**EXERCISE DETAILS**. Please restate the entries below word for word, leaving out any pictures.

**SUPPLIED ENTRIES**.
- - - - -
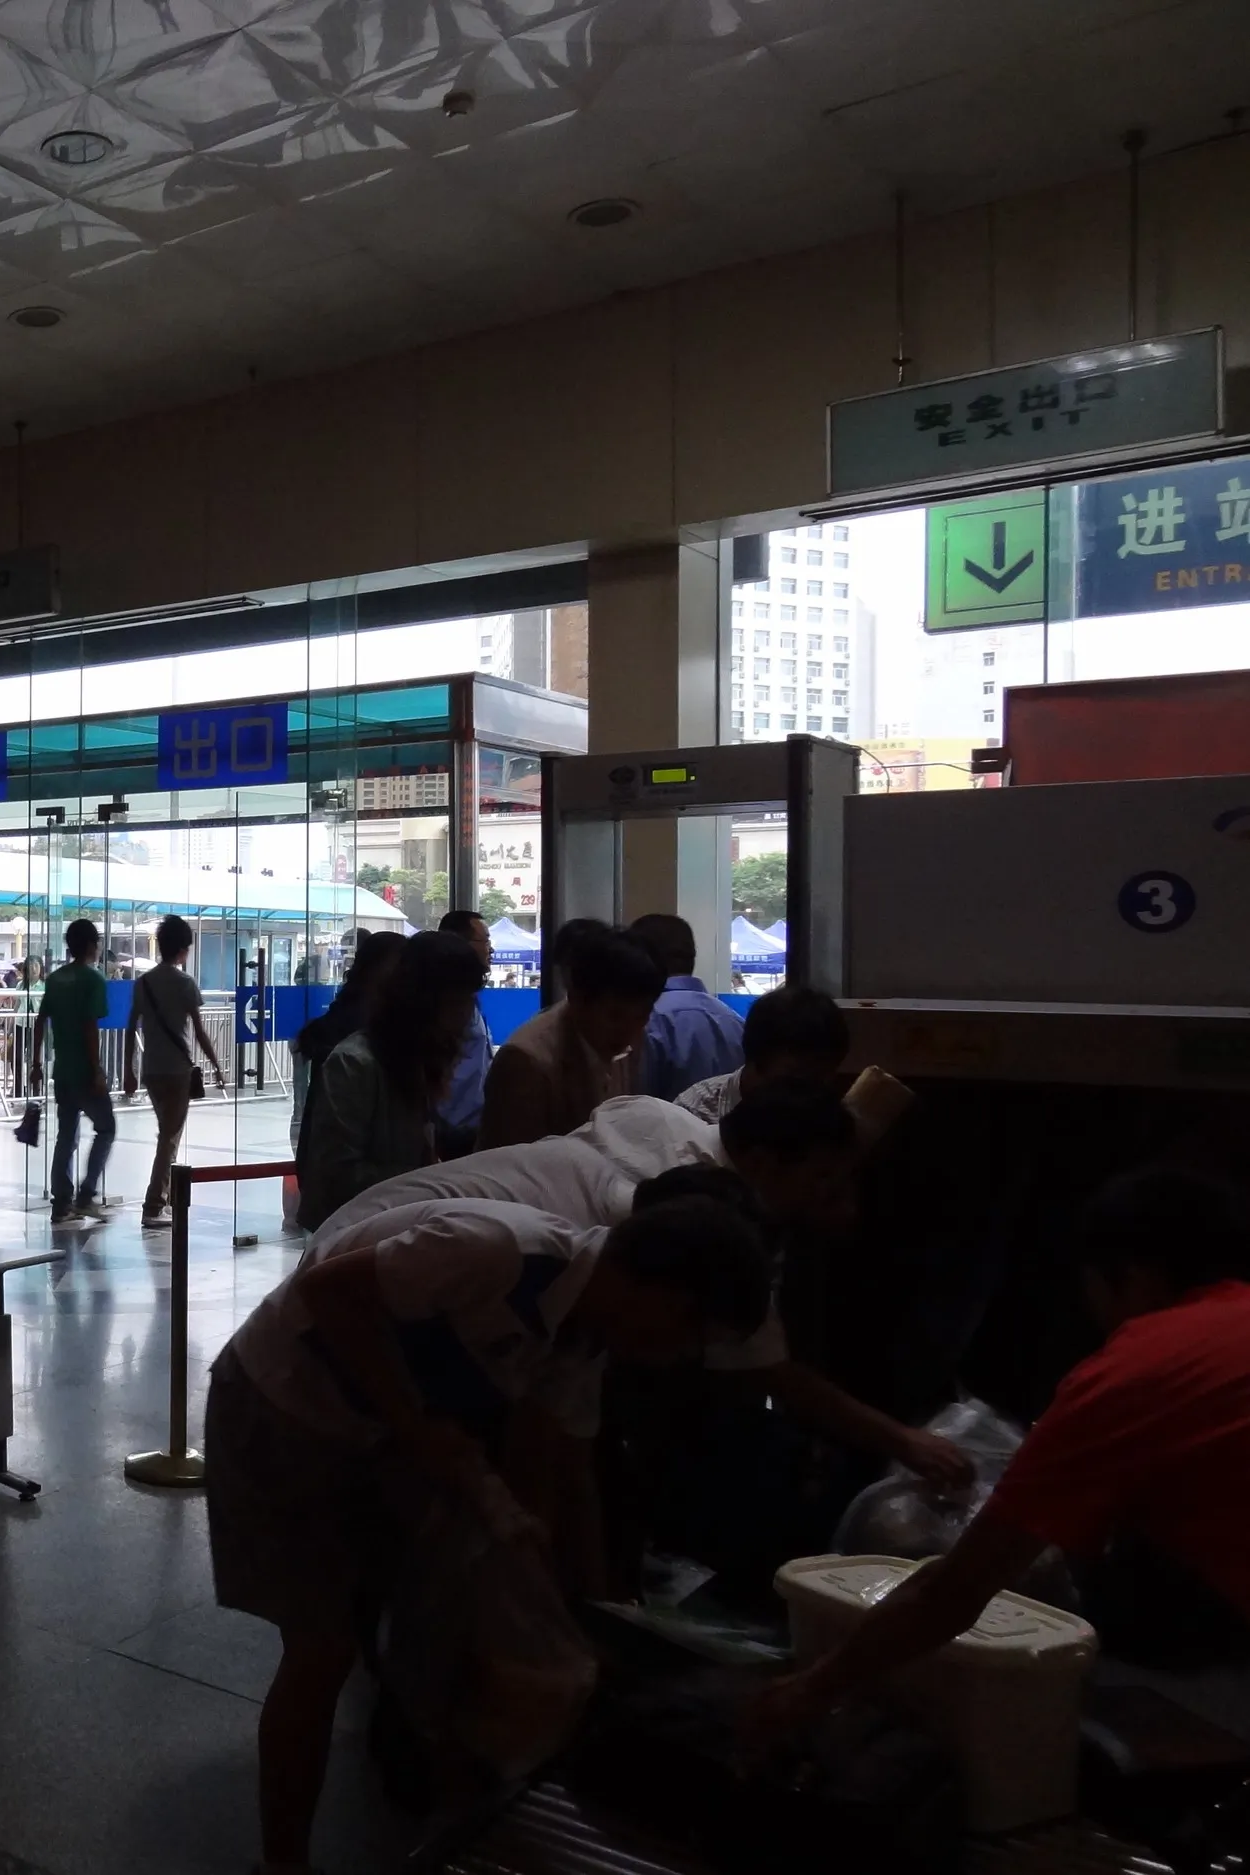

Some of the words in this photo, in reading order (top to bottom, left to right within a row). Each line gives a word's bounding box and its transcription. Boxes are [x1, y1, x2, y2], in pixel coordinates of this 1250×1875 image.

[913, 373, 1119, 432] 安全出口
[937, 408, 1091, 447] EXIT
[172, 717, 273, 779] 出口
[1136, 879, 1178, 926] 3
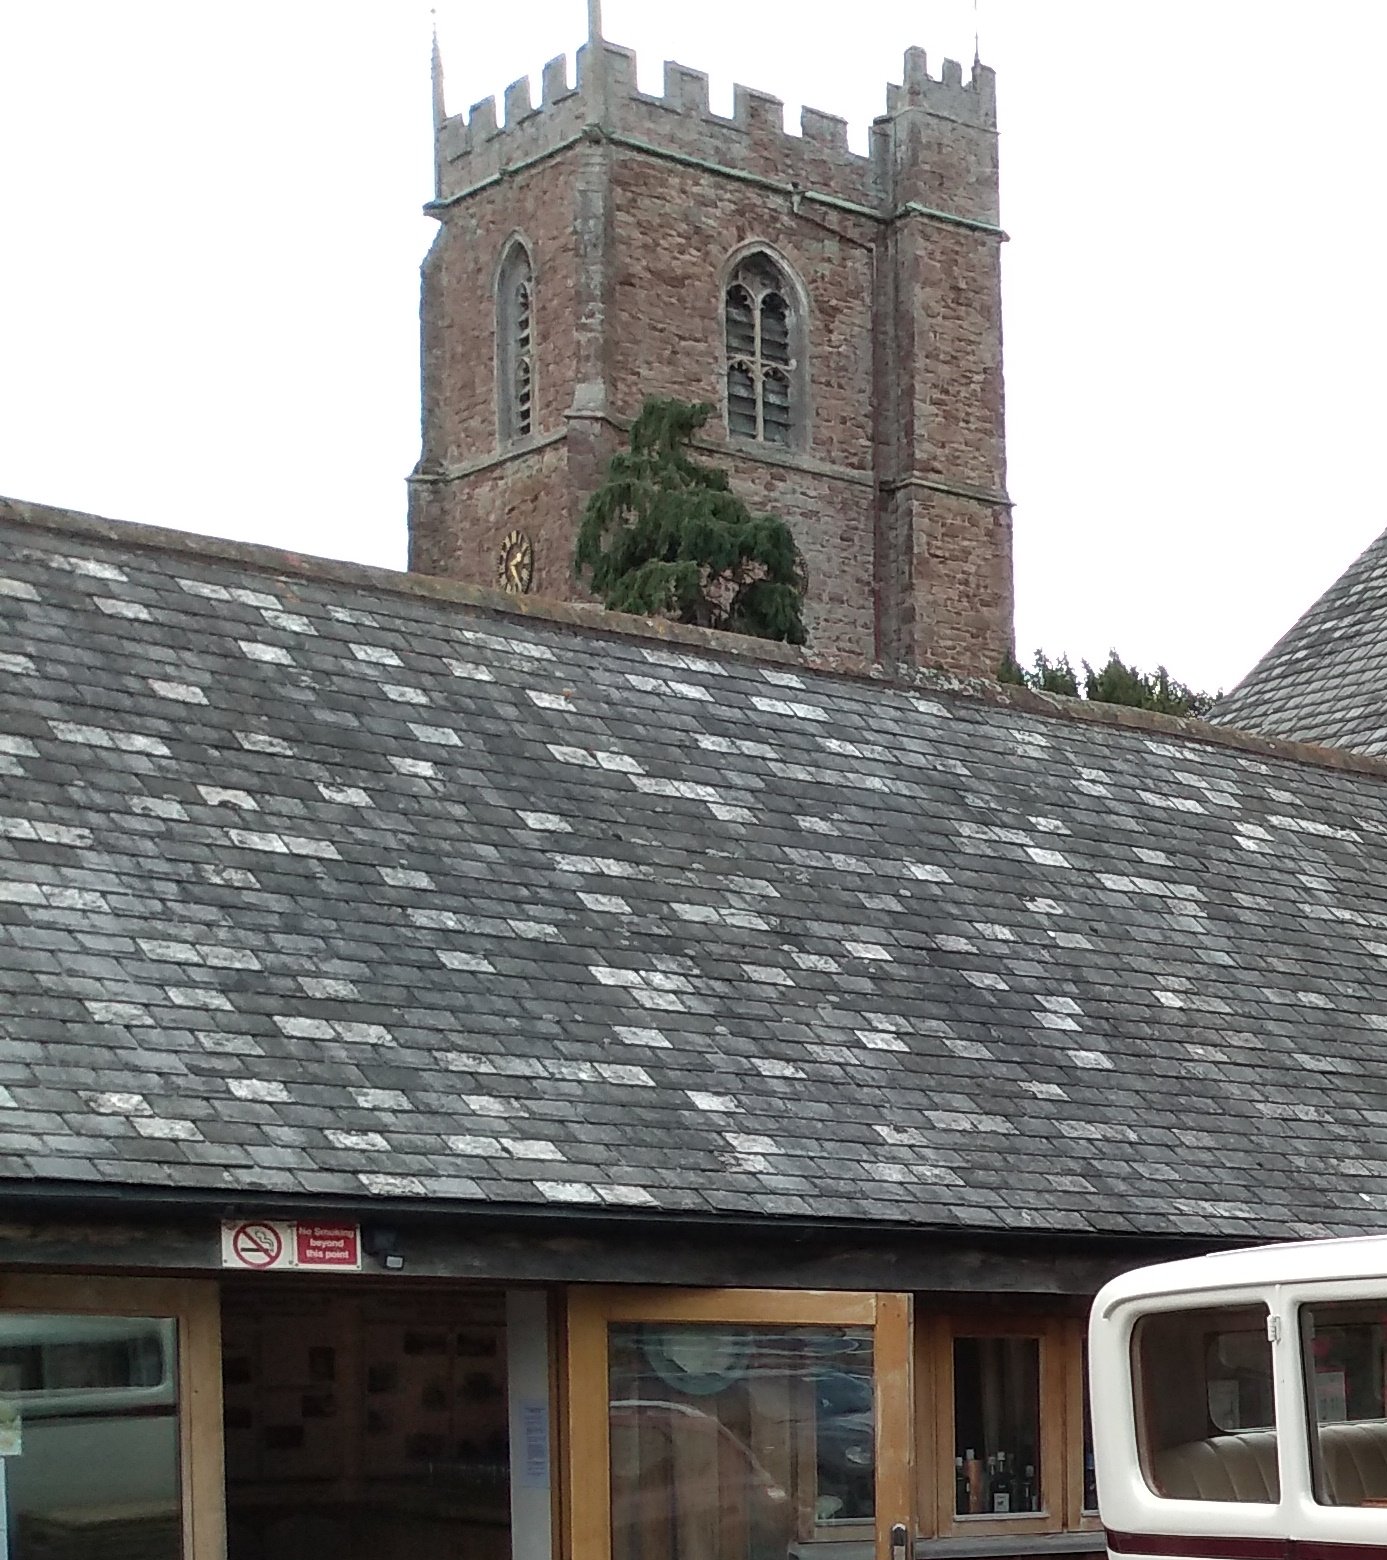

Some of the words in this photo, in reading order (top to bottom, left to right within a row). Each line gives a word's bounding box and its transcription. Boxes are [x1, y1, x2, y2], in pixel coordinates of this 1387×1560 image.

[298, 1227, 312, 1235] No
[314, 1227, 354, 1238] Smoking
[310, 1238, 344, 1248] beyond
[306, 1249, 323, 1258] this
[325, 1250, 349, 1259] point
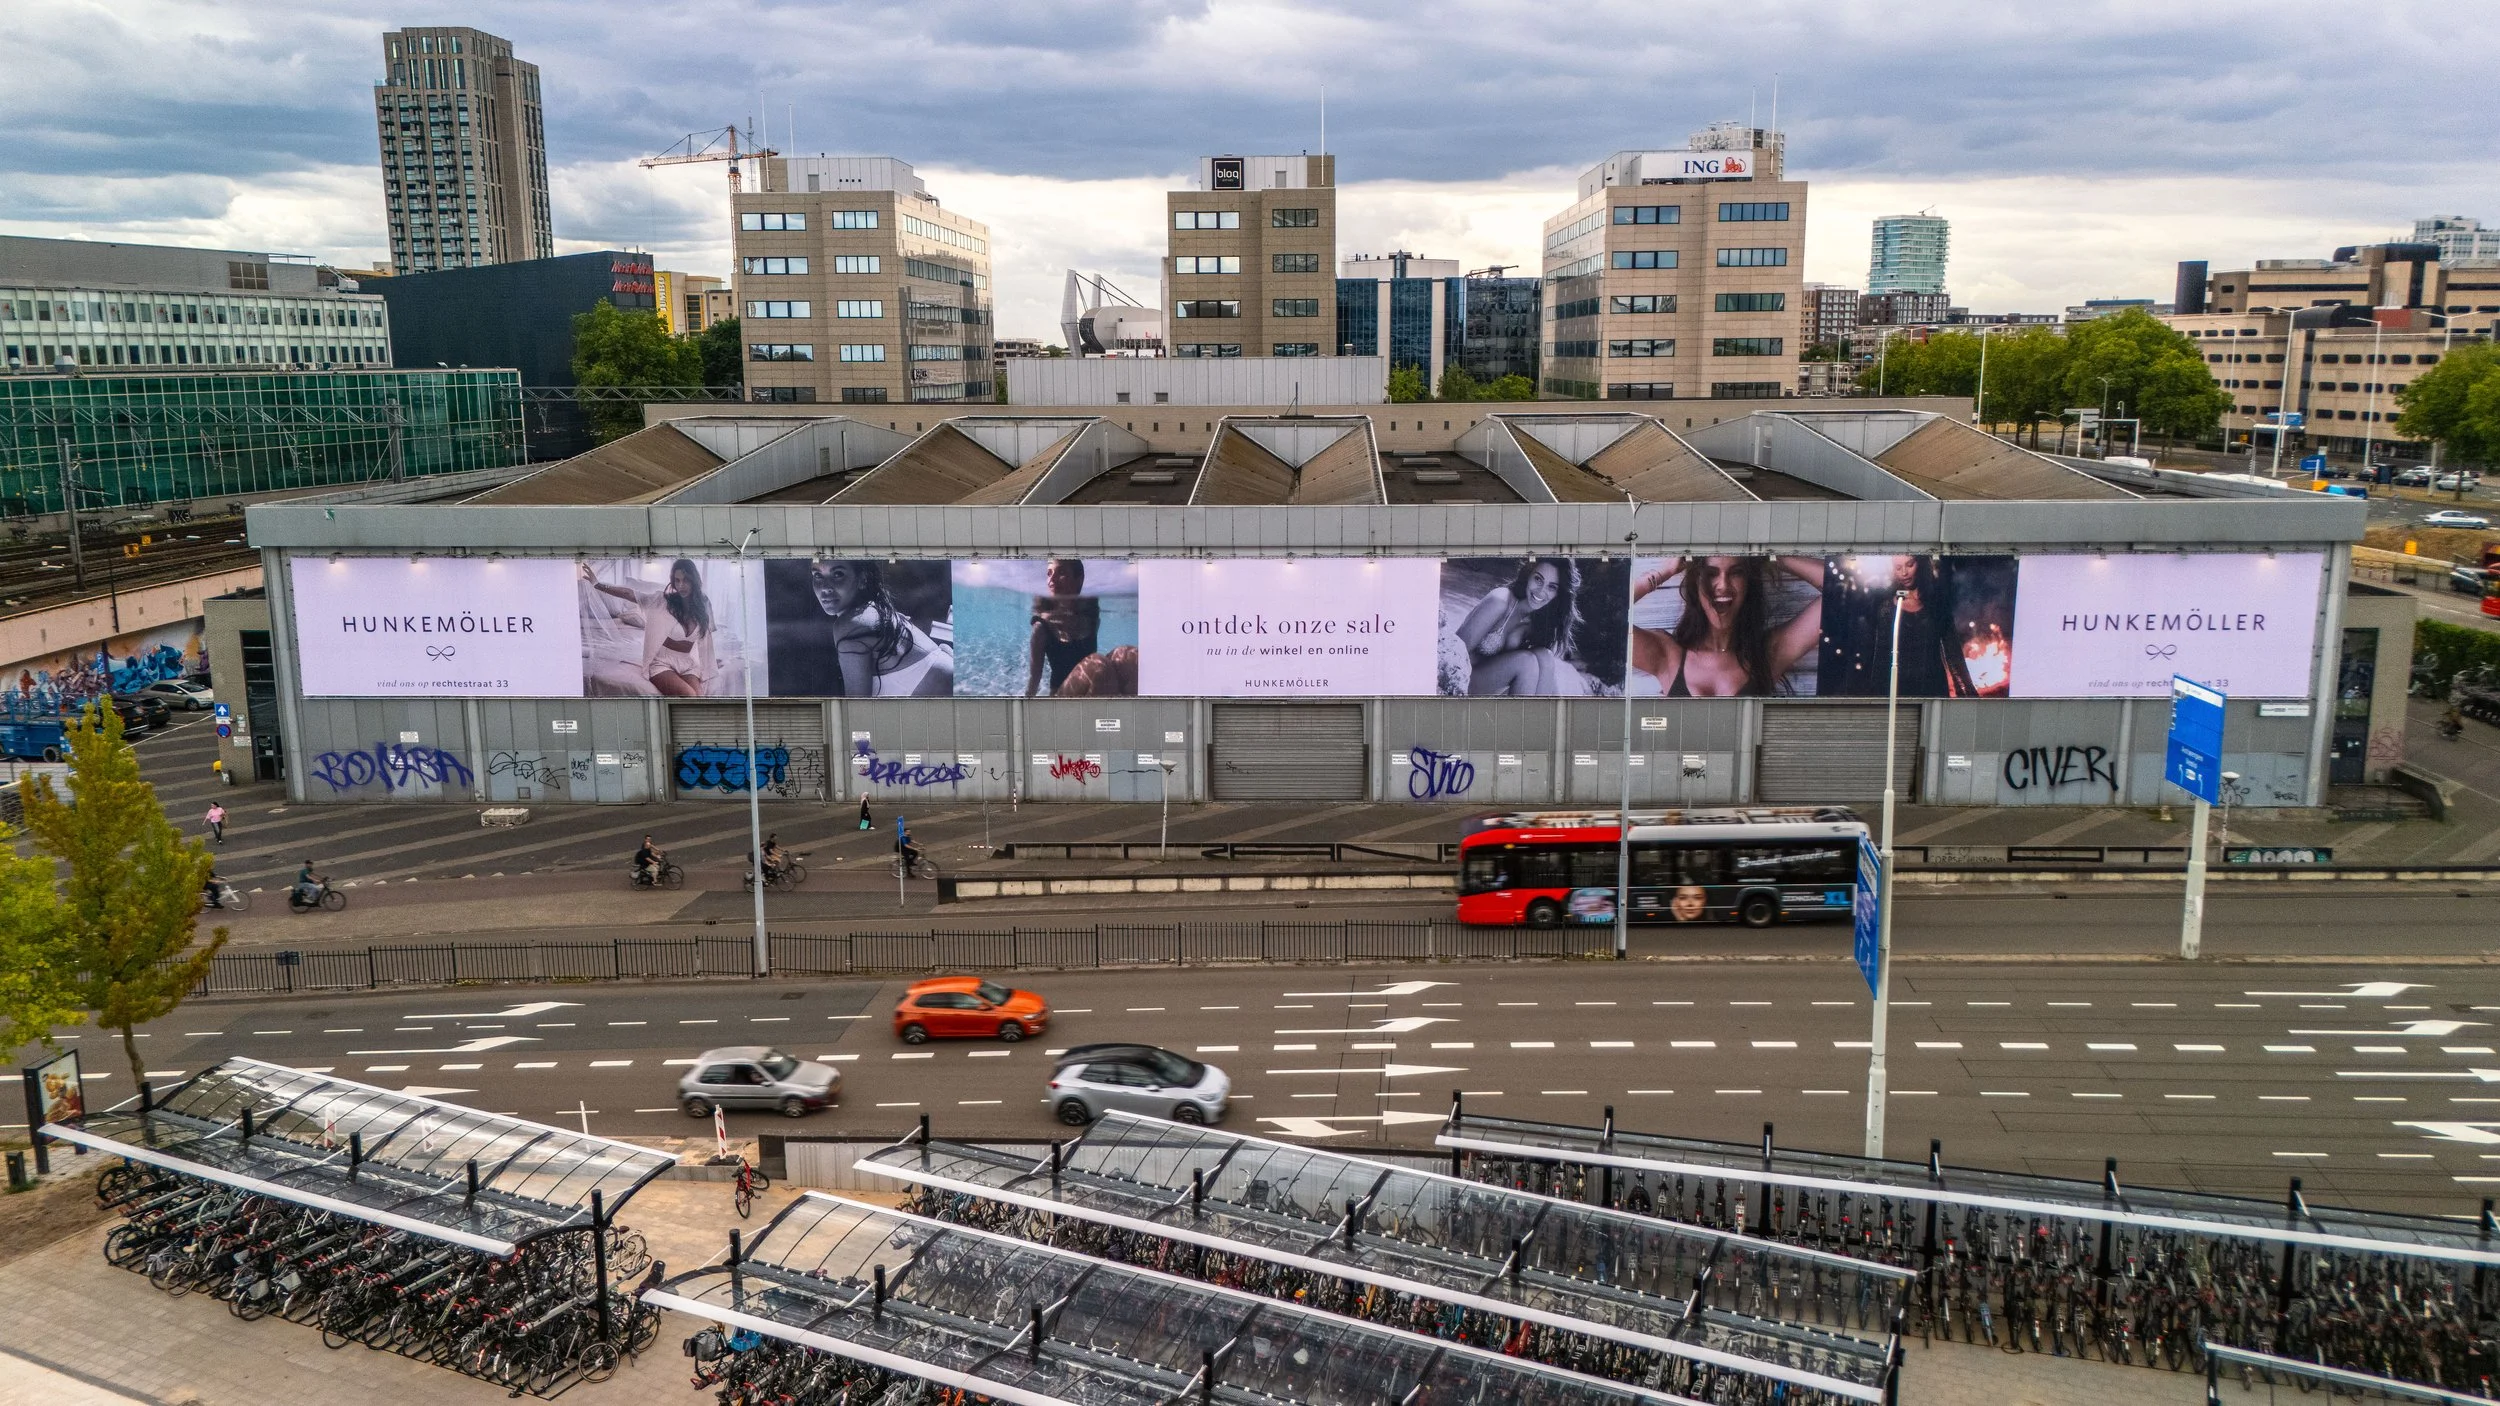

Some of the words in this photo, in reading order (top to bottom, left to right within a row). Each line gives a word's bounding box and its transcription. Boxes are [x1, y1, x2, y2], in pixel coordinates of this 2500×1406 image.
- - - - -
**ANSWER SPACE**.
Some of the words in this photo, in reading order (top to bottom, left to right within a row). Each line gives a word's bounding box and its transcription. Boxes are [x1, y1, x2, y2], in pixel coordinates of this 1250×1875 image.

[913, 373, 1119, 432] 安全出口
[937, 408, 1091, 447] EXIT
[172, 717, 273, 779] 出口
[1136, 879, 1178, 926] 3

Some of the words in this photo, in reading order (top to bottom, left to right within a row). Each line gives a word's bounding box and its transcription. Boxes are [x1, y1, x2, y2], in pixel coordinates of this 1387×1560 image.

[298, 1227, 312, 1235] No
[314, 1227, 354, 1238] Smoking
[310, 1238, 344, 1248] beyond
[306, 1249, 323, 1258] this
[325, 1250, 349, 1259] point

Some of the words in this photo, in reading order (top to bottom, left to right within a row). Each line gives a word's bounding box and its transcription. Boxes are [x1, y1, x2, y2], in pixel coordinates of this 2500×1406 image.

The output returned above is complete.